On cable channels I am seeing very sporadic and infrequent audio dropouts, sometimes accompanied by mild video pixelation a second or two afterwards. If I rewind and play the segment again, the dropout and pixelation occur at the same place. In past events I did not notice if there was any reaction in the Yamaha display when the audio dropped out. However, in the most recent event, the Dolby and speaker icons blanked during the event.

I have not been keeping track but it is my suspicion that this is confined to a small subset of cable channels. Signal strength and S/N are both fine. 

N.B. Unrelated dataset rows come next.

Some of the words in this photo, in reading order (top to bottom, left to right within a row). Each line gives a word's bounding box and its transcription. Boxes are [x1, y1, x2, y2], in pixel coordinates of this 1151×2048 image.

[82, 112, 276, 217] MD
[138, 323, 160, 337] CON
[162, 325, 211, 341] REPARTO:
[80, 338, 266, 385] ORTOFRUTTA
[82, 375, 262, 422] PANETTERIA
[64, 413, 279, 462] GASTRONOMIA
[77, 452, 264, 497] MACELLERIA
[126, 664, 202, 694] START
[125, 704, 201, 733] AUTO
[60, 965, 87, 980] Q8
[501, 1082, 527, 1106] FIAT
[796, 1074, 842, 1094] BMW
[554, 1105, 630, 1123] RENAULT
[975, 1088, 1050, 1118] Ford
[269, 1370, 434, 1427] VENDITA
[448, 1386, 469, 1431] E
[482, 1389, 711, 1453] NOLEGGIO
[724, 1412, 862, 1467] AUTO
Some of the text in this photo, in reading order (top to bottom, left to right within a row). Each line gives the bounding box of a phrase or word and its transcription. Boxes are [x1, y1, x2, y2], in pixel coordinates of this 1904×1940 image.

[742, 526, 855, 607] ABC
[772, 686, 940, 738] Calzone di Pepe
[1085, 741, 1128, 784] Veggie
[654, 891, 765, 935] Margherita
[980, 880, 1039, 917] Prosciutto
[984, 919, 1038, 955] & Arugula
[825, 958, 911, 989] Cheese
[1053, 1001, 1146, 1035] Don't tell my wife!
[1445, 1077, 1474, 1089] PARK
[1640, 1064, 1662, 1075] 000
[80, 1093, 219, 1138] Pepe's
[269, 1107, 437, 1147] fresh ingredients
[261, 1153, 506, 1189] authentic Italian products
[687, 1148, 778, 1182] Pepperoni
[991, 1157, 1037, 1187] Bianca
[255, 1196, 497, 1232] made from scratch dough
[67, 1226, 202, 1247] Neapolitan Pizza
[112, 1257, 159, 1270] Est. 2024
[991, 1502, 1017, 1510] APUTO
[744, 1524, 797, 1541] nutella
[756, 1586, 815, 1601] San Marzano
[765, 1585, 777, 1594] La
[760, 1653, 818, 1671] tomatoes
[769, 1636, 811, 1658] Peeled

I am inclined to believe this is an issue with the signal as delivered by Comcast and not an issue in the bolt, AV receiver or TV but I am wondering if there is any way to be sure this is NOT a local equipment issue. Anyone?

Paul


----------



## JoeKustra (Dec 7, 2012)

There is a high probability you're being fed bad data. There was an audio issue a few years ago and if it did start again you would see a lot of participation. I run my two basic Roamio units to a Yamaha RX-V867. I admit that every month I reset the HDMI connections. Since you can record the junk, it's likely not just random audio dropouts (plus the video glitch).

Since you know how to find Diagnostics, are the bad channels close to each other in frequency? That would point to a bad feed since headend amplifiers usually handle a defined block of frequencies. If the dropouts are in a close group of frequencies, call your cable feed.

If it seems that most channels have dropouts without a pattern, you could ask your cable feed to replace the connector on your drop. Mine lasts about a year. I also see an increase in errors in my modem. An Arris modem has its diagnostics at 192.168.100.1. My Roamio, at this time, has zero RS Uncorrected errors. Like a Bolt, it doesn't display RS Corrected errors. All channels have a signal of 90% (within 2%) and a SNR of 36dB (within 1dB). I consider this normal.


----------



## pgoelz (May 1, 2005)

Thanks Joe. I have not looked recently but I did check a while back when this happened while watching a channel live and did not see any uncorrected errors indicated on the channel I was watching. I assume that would mean the issue was encoded somewhere upstream and not something the Tivo recognized as an error. 

Paul


----------



## pgoelz (May 1, 2005)

This problem has recently re-surfaced. But the symptoms have changed. 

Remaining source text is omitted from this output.